*Exercise requirements:*
Every entry must be repeated exactly. Exclude all pictures.

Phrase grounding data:
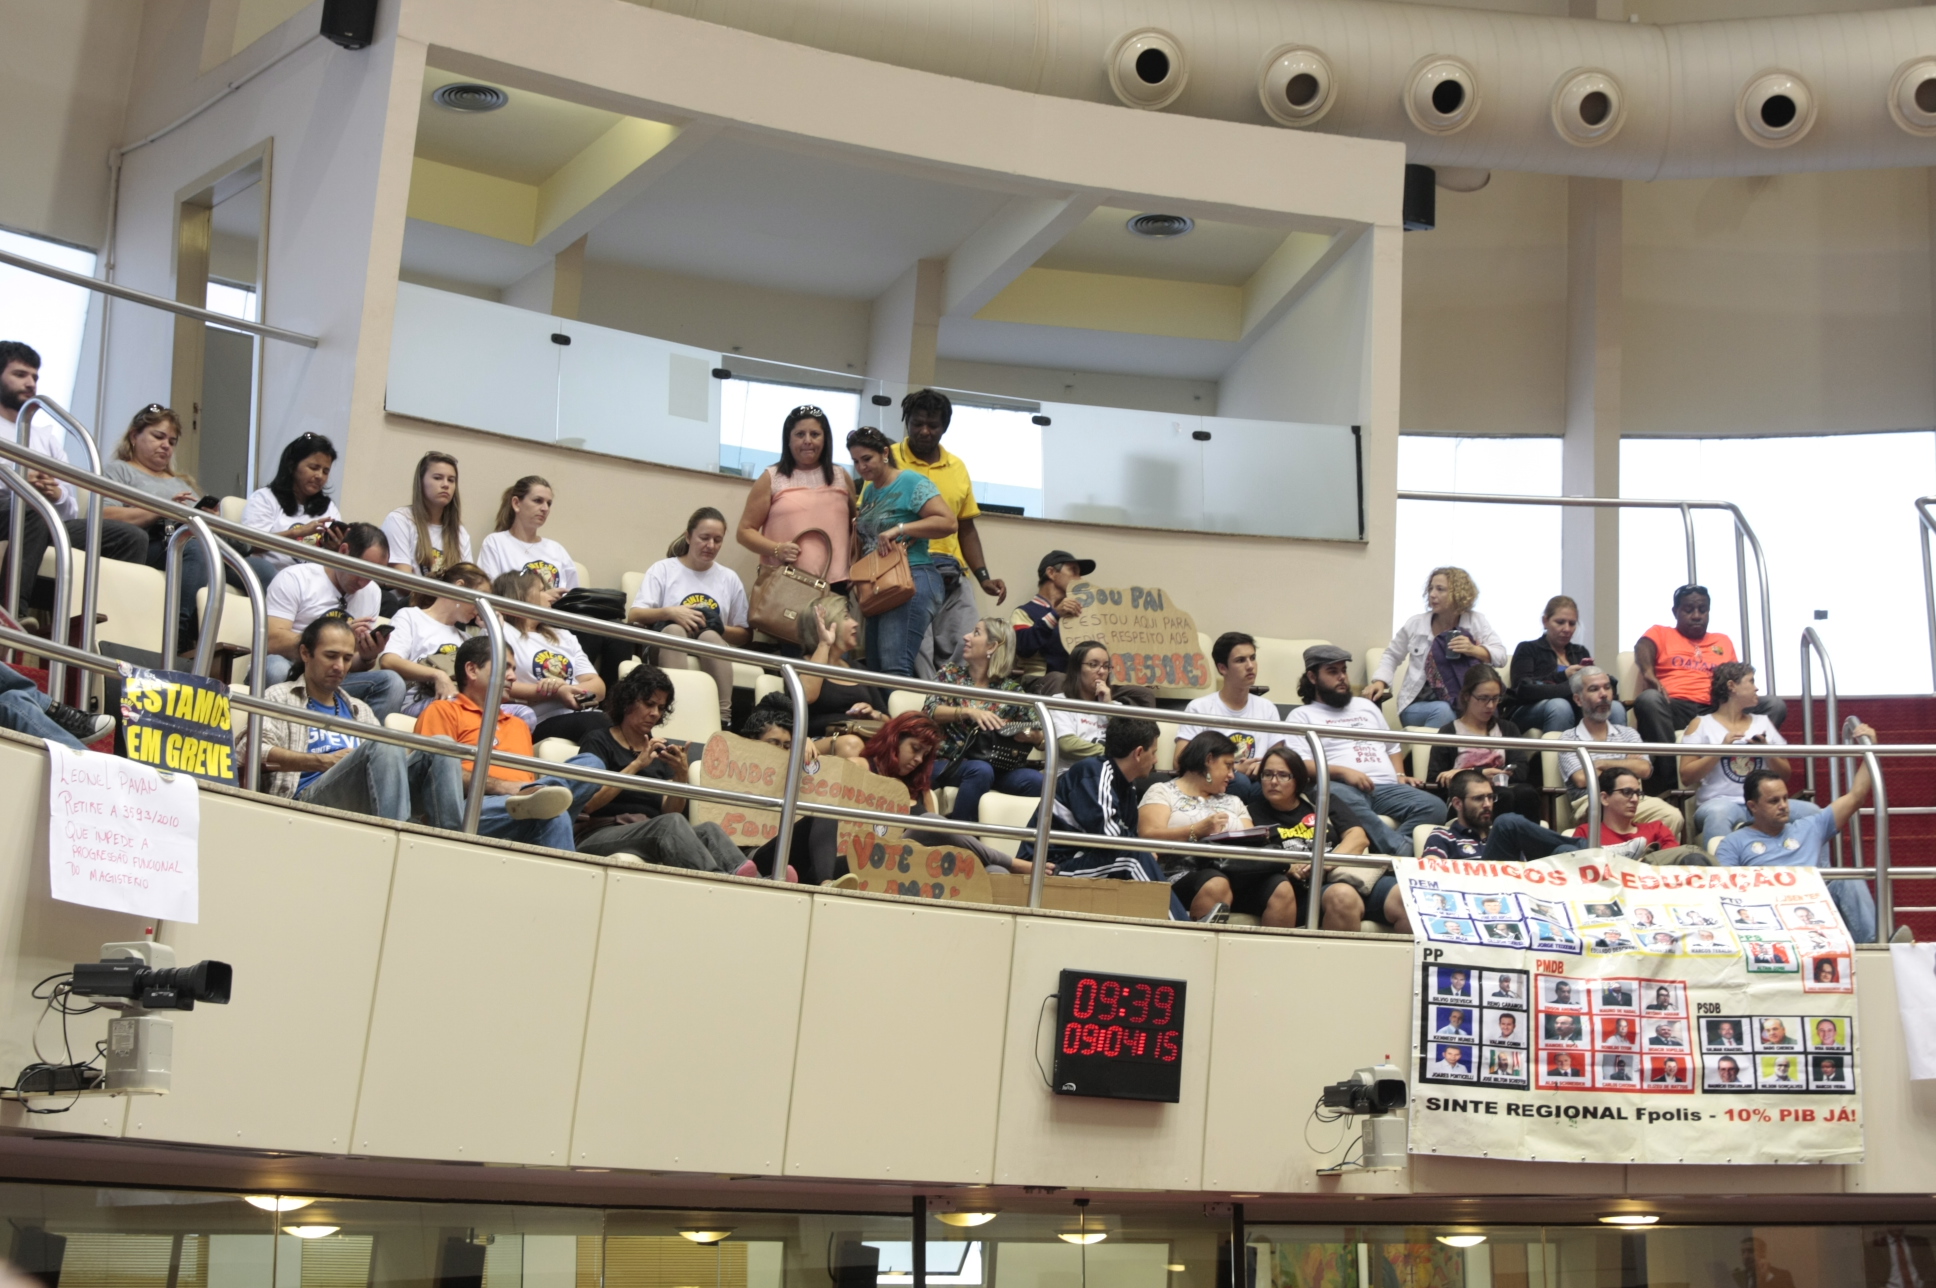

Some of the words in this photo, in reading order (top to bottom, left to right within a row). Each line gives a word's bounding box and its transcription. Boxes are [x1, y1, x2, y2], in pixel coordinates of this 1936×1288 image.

[1072, 582, 1123, 608] SOU
[1131, 586, 1164, 612] PAI
[1079, 613, 1128, 627] ESTOU
[1134, 615, 1158, 630] AQUI
[1164, 616, 1192, 631] PARA
[1065, 632, 1109, 647] PEDIR
[1111, 630, 1164, 645] RESPEITO
[1170, 631, 1189, 645] AOS
[1109, 653, 1207, 687] OFESSORES
[126, 677, 231, 731] ESTAMOS
[127, 725, 163, 764] EM
[165, 733, 234, 779] GREVE
[703, 734, 777, 787] ONDE
[60, 750, 112, 790] LEONEL
[118, 770, 158, 795] PAVAN
[58, 790, 103, 816] RETIRE
[110, 805, 118, 818] A
[123, 806, 180, 828] 3593/2010
[65, 820, 88, 843] QUE
[141, 838, 149, 850] A
[65, 861, 81, 876] DO
[133, 856, 184, 874] FUNCIONAL
[853, 831, 914, 874] VOTE
[926, 849, 975, 880] COM
[1408, 878, 1439, 888] DEM
[1418, 857, 1568, 887] INIMIGOS
[1578, 863, 1619, 884] DA
[1620, 868, 1797, 893] EDUCAÇÃO
[1423, 947, 1444, 961] PP
[1536, 959, 1564, 974] PMDB
[1073, 978, 1175, 1025] 09:39
[1697, 1002, 1721, 1014] PSDB
[1425, 1097, 1498, 1115] SINTE
[1506, 1102, 1629, 1121] REGIONAL
[1636, 1107, 1702, 1124] Fpolis
[1724, 1107, 1772, 1123] 10%
[1779, 1108, 1816, 1122] PIB
[1823, 1105, 1857, 1122] JÁ!
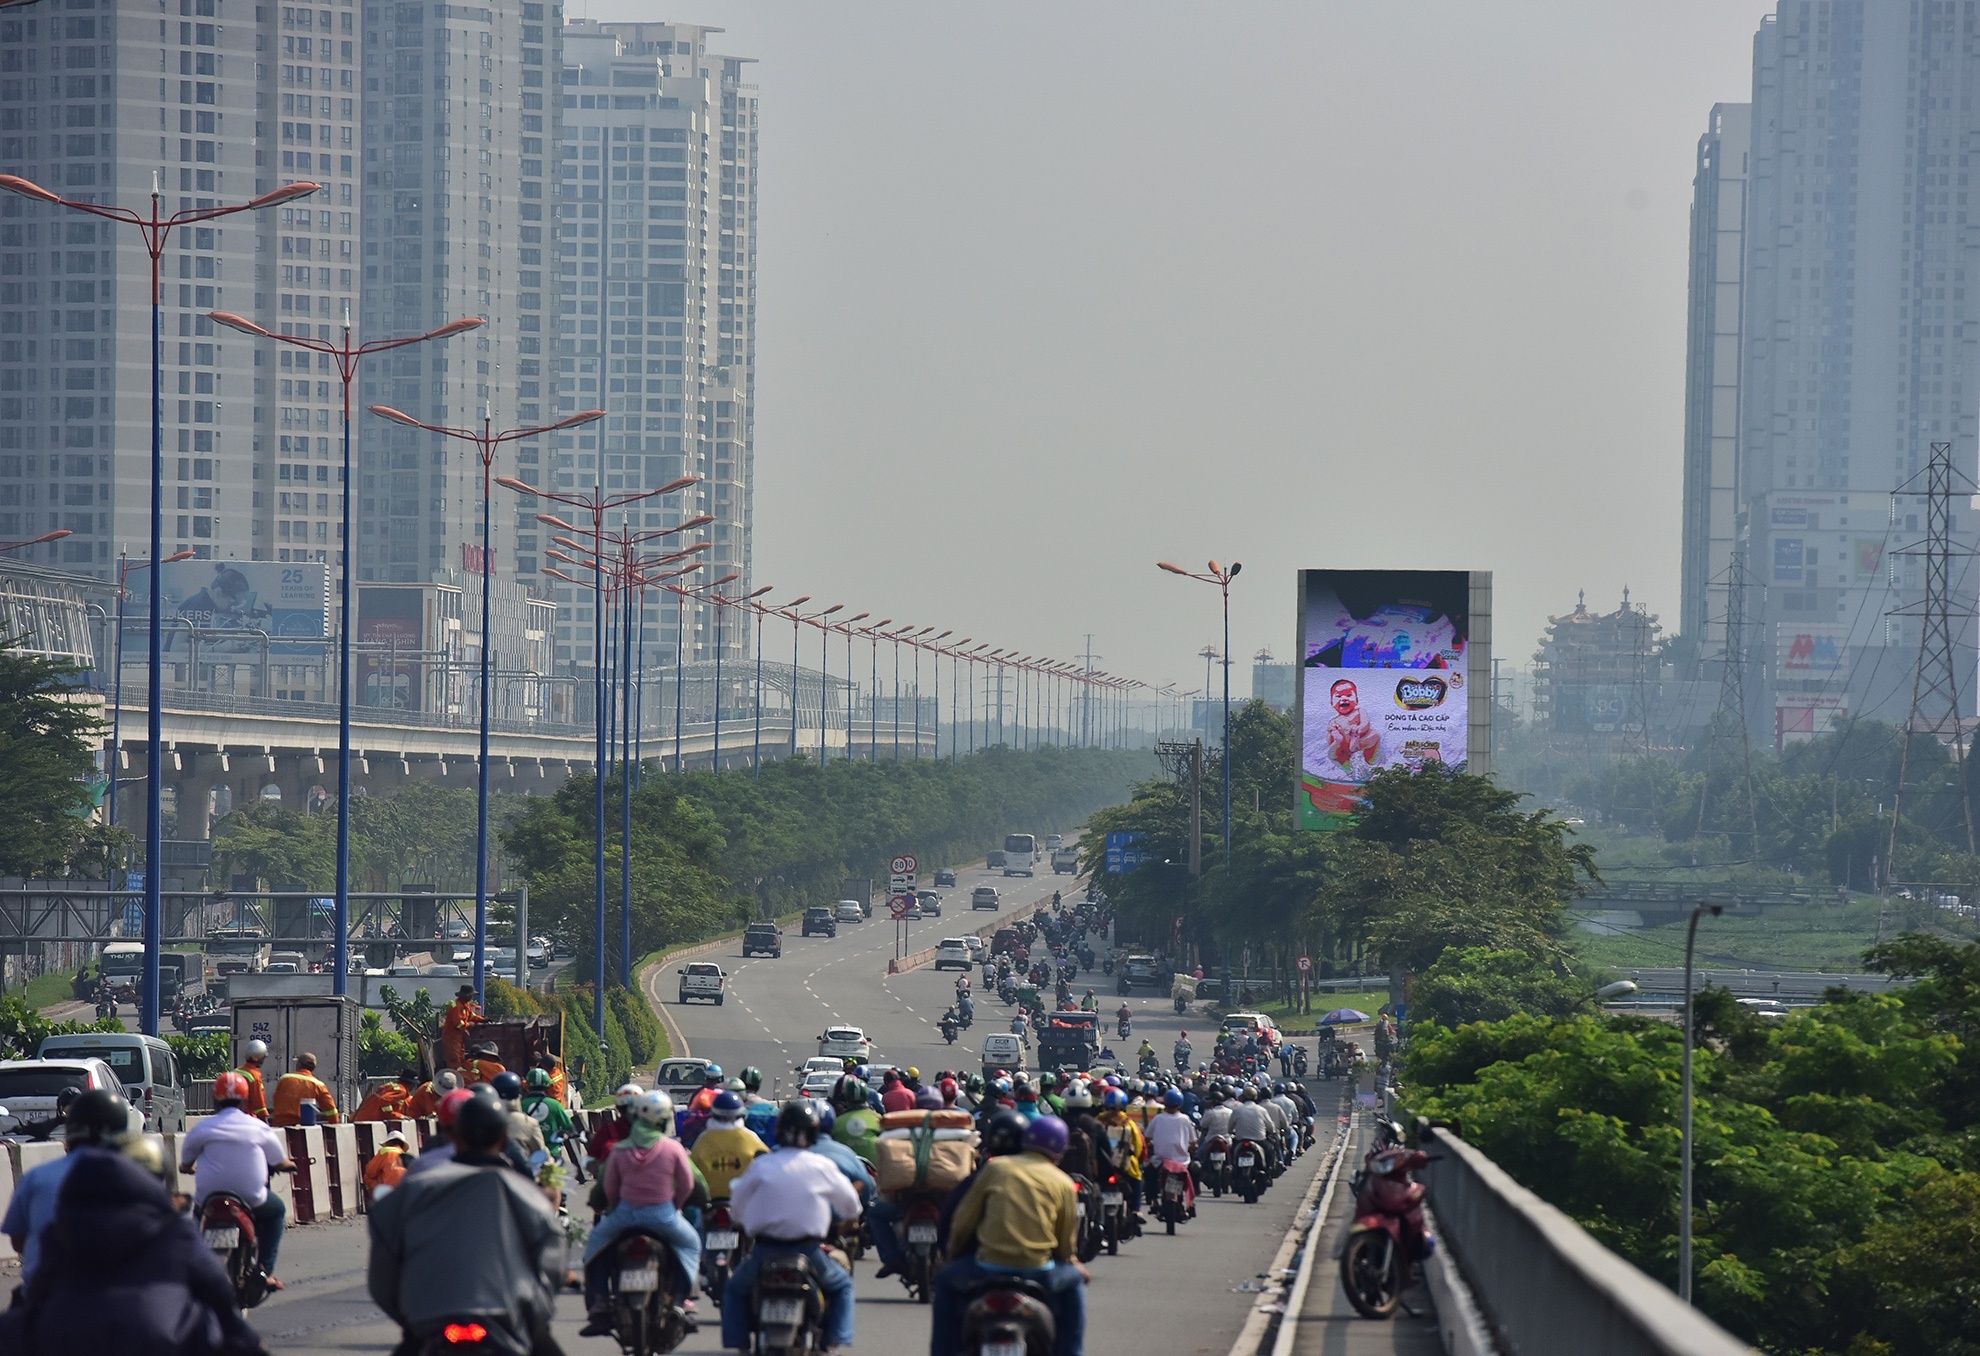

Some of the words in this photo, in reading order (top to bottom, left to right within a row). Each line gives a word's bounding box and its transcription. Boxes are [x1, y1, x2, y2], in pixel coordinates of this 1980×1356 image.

[281, 569, 304, 584] 25
[1402, 685, 1440, 698] Bobby
[252, 1022, 269, 1032] 54Z
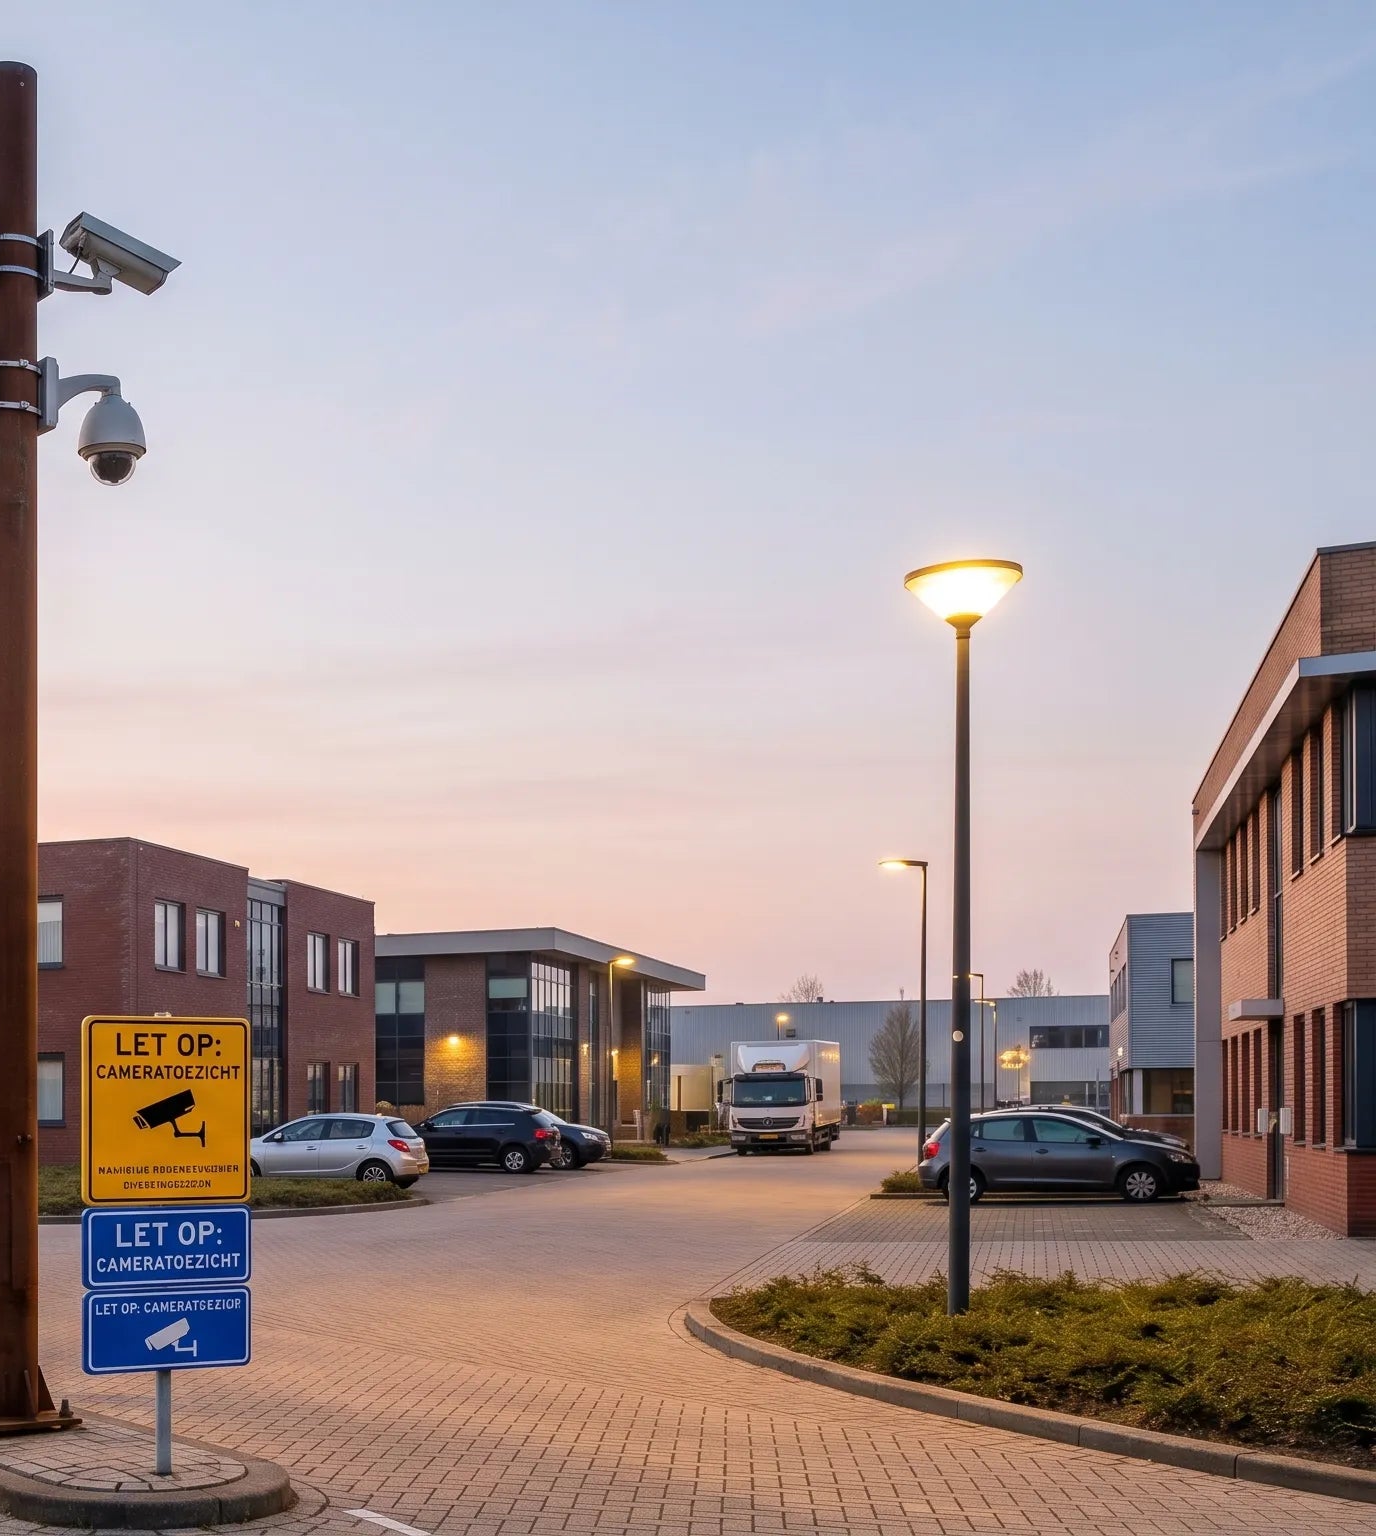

*Task solution:*
Some of the words in this photo, in reading order (top to bottom, left to right within a row). Each line gives a word's bounding box and its transcription. Boxes are [x1, y1, x2, y2], in pixel coordinates of this 1936×1288 image.

[1072, 582, 1123, 608] SOU
[1131, 586, 1164, 612] PAI
[1079, 613, 1128, 627] ESTOU
[1134, 615, 1158, 630] AQUI
[1164, 616, 1192, 631] PARA
[1065, 632, 1109, 647] PEDIR
[1111, 630, 1164, 645] RESPEITO
[1170, 631, 1189, 645] AOS
[1109, 653, 1207, 687] OFESSORES
[126, 677, 231, 731] ESTAMOS
[127, 725, 163, 764] EM
[165, 733, 234, 779] GREVE
[703, 734, 777, 787] ONDE
[60, 750, 112, 790] LEONEL
[118, 770, 158, 795] PAVAN
[58, 790, 103, 816] RETIRE
[110, 805, 118, 818] A
[123, 806, 180, 828] 3593/2010
[65, 820, 88, 843] QUE
[141, 838, 149, 850] A
[65, 861, 81, 876] DO
[133, 856, 184, 874] FUNCIONAL
[853, 831, 914, 874] VOTE
[926, 849, 975, 880] COM
[1408, 878, 1439, 888] DEM
[1418, 857, 1568, 887] INIMIGOS
[1578, 863, 1619, 884] DA
[1620, 868, 1797, 893] EDUCAÇÃO
[1423, 947, 1444, 961] PP
[1536, 959, 1564, 974] PMDB
[1073, 978, 1175, 1025] 09:39
[1697, 1002, 1721, 1014] PSDB
[1425, 1097, 1498, 1115] SINTE
[1506, 1102, 1629, 1121] REGIONAL
[1636, 1107, 1702, 1124] Fpolis
[1724, 1107, 1772, 1123] 10%
[1779, 1108, 1816, 1122] PIB
[1823, 1105, 1857, 1122] JÁ!

Some of the words in this photo, in reading order (top to bottom, left to right within a row). Each line gives a word's bounding box and its transcription. Boxes are [x1, y1, x2, y2], in pixel coordinates of this 1980×1356 image.

[281, 569, 304, 584] 25
[1402, 685, 1440, 698] Bobby
[252, 1022, 269, 1032] 54Z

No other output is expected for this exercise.